[Free-text object descriptions]
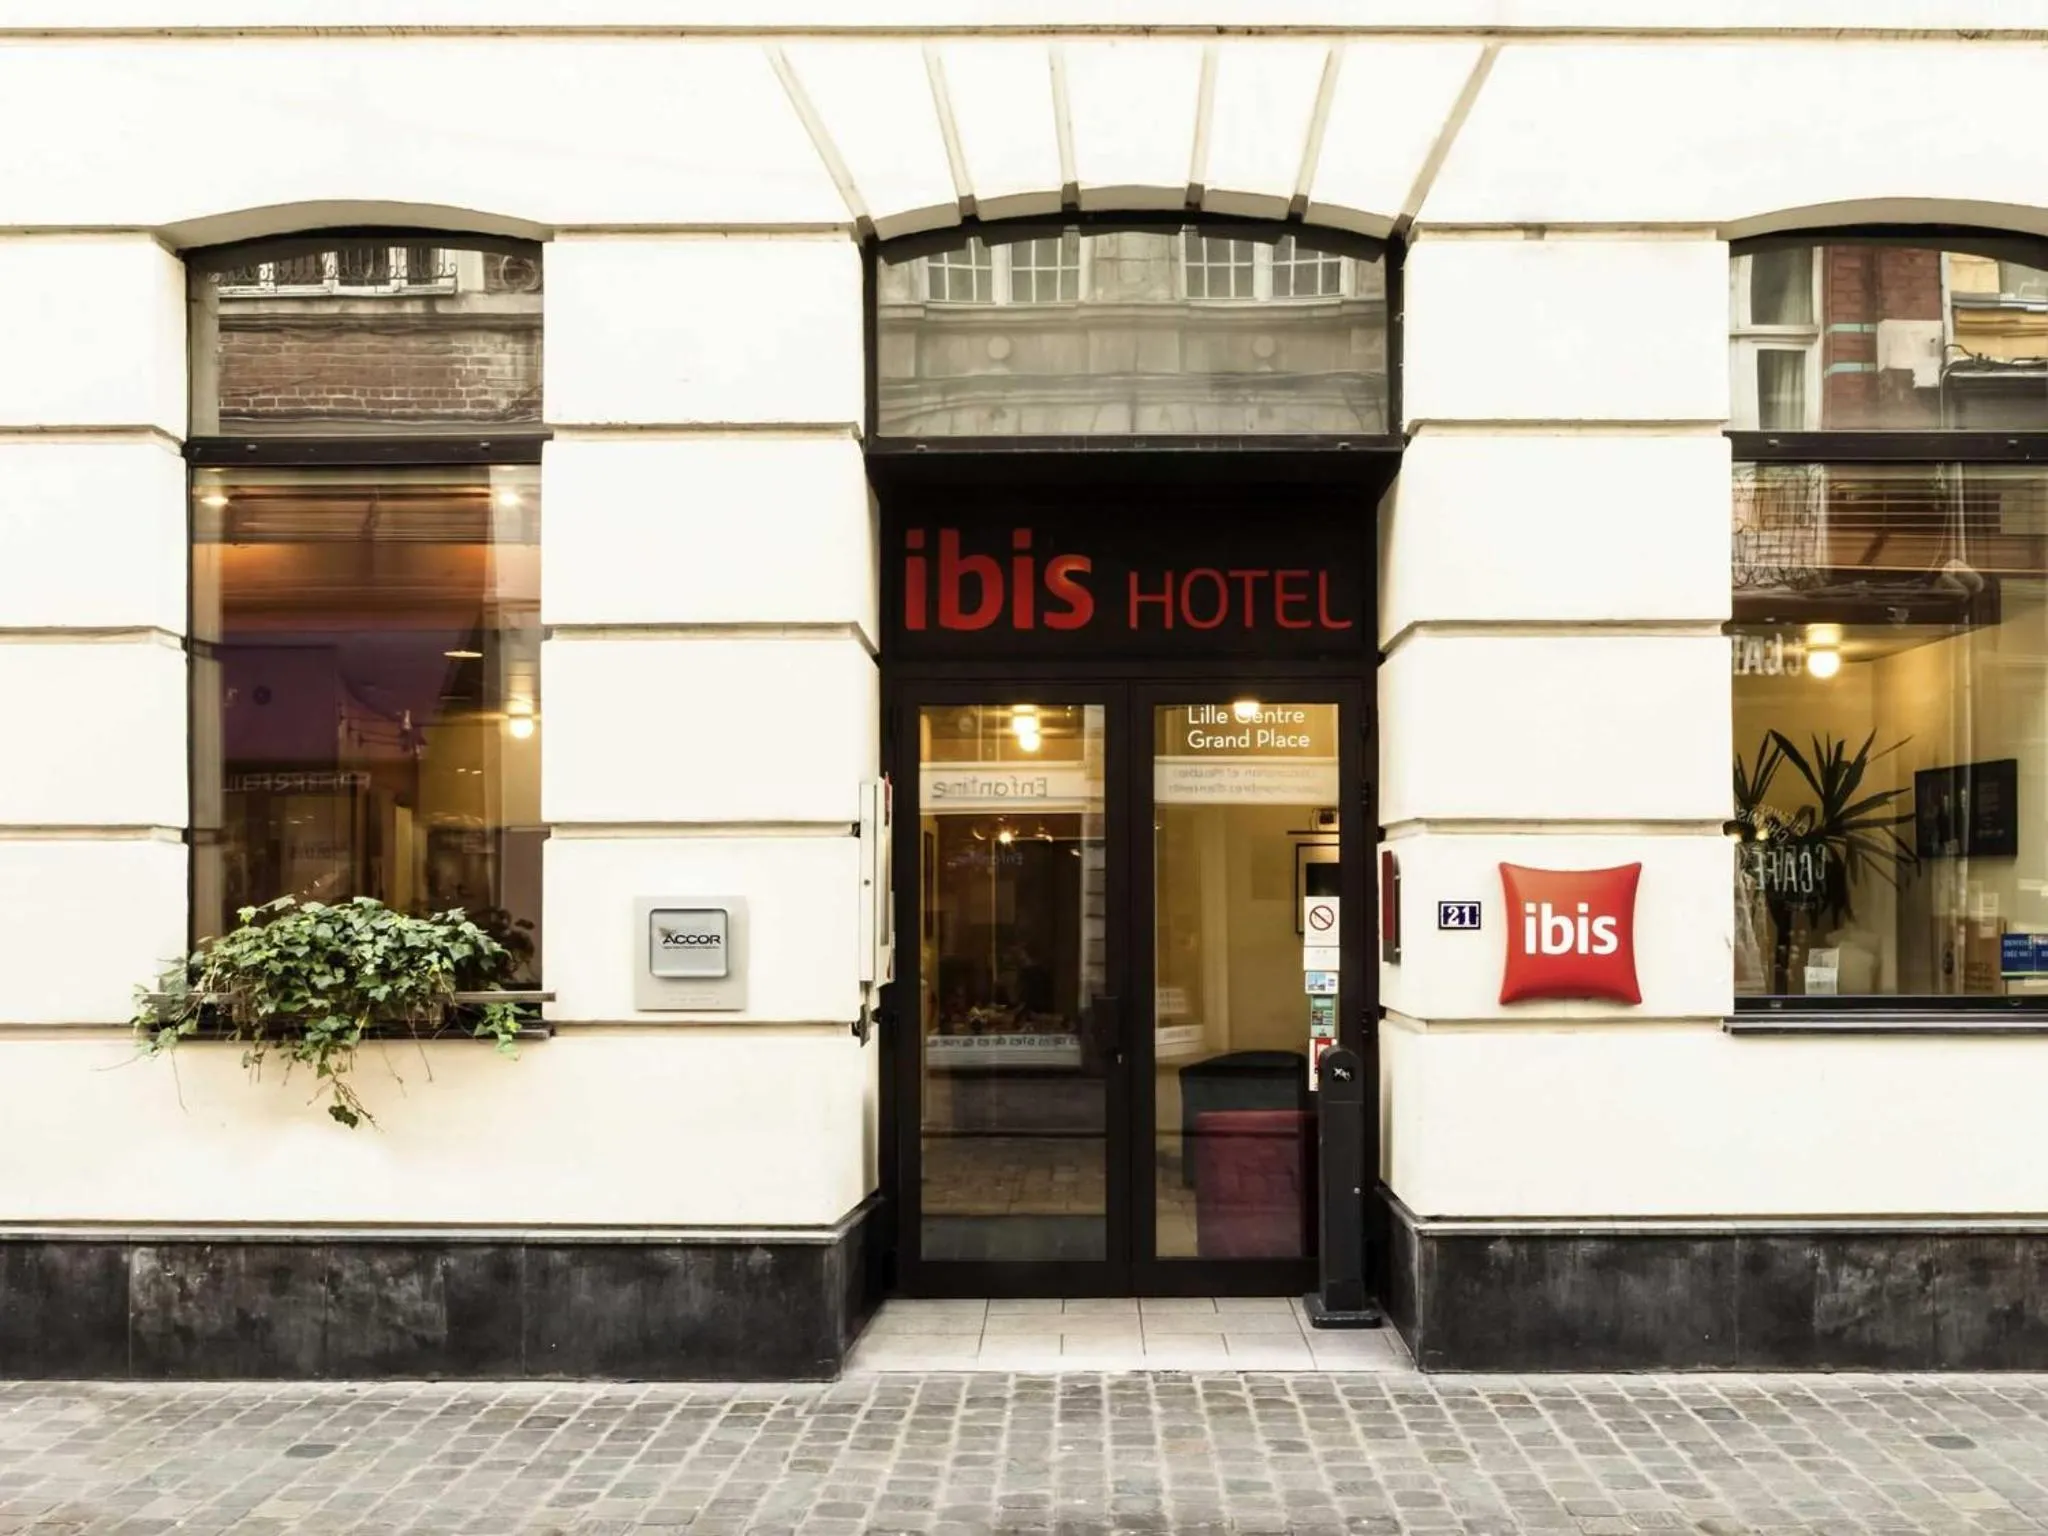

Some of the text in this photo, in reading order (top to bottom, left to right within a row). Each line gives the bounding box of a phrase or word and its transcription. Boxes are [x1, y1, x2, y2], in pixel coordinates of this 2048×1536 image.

[905, 528, 1353, 631] ibis HOTEL
[1188, 704, 1305, 725] Lille Centre
[1187, 729, 1311, 749] Grand Place
[1447, 906, 1472, 926] 21
[1523, 902, 1619, 955] ibis
[664, 934, 721, 945] ACCOR
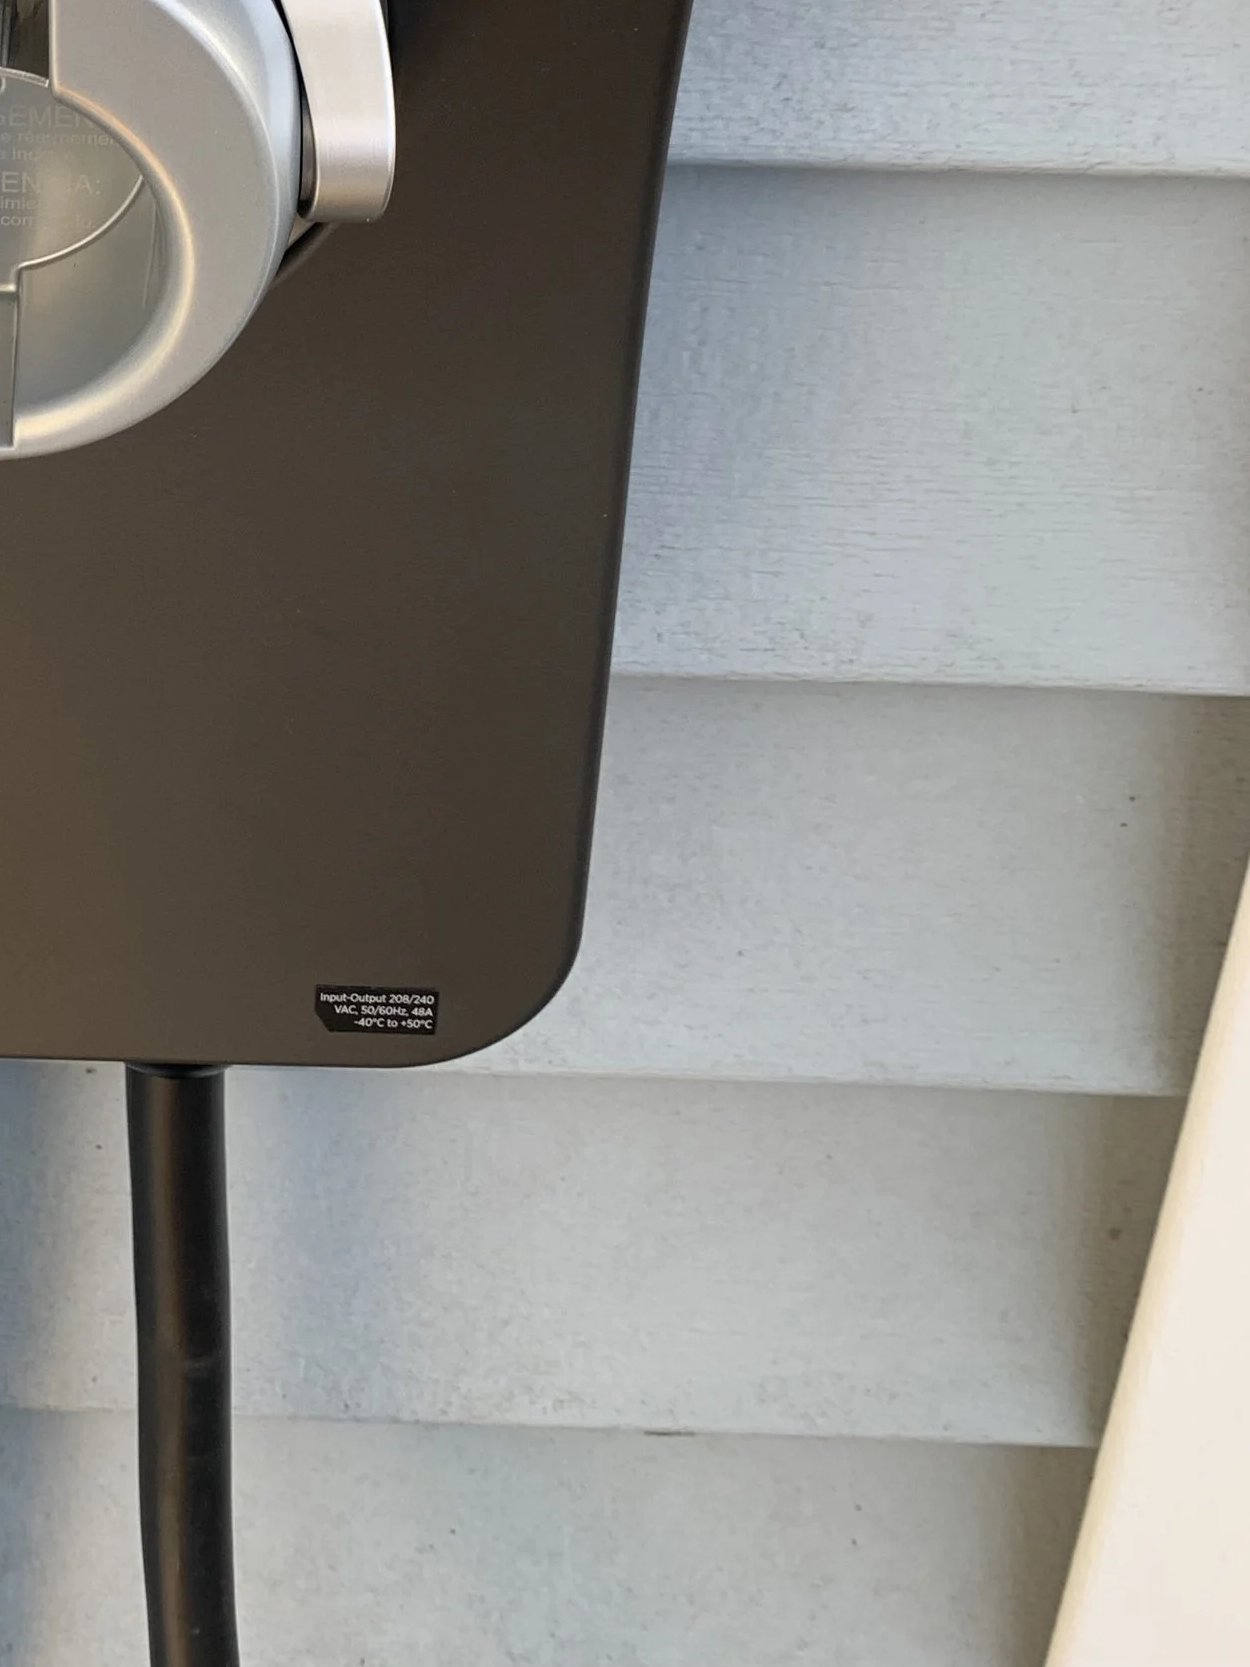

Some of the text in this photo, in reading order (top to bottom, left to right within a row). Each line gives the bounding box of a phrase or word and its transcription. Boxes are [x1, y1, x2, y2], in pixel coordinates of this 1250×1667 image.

[320, 992, 435, 1005] Input-Output 208/240
[334, 1005, 433, 1017] VAC, 50/60Hz, 48A
[387, 1018, 398, 1028] to
[401, 1019, 434, 1029] +50°C

ACTIVITY :: Excluding the pictures, transcribe each entry above word for word.

RESPONSE FOR THIS EXERCISE ::
Some of the text in this photo, in reading order (top to bottom, left to right within a row). Each line gives the bounding box of a phrase or word and its transcription. Boxes are [x1, y1, x2, y2], in pixel coordinates of this 2048×1536 image.

[905, 528, 1353, 631] ibis HOTEL
[1188, 704, 1305, 725] Lille Centre
[1187, 729, 1311, 749] Grand Place
[1447, 906, 1472, 926] 21
[1523, 902, 1619, 955] ibis
[664, 934, 721, 945] ACCOR

Some of the text in this photo, in reading order (top to bottom, left to right within a row). Each line gives the bounding box of a phrase or word and its transcription. Boxes are [x1, y1, x2, y2], in pixel coordinates of this 1250×1667 image.

[320, 992, 435, 1005] Input-Output 208/240
[334, 1005, 433, 1017] VAC, 50/60Hz, 48A
[387, 1018, 398, 1028] to
[401, 1019, 434, 1029] +50°C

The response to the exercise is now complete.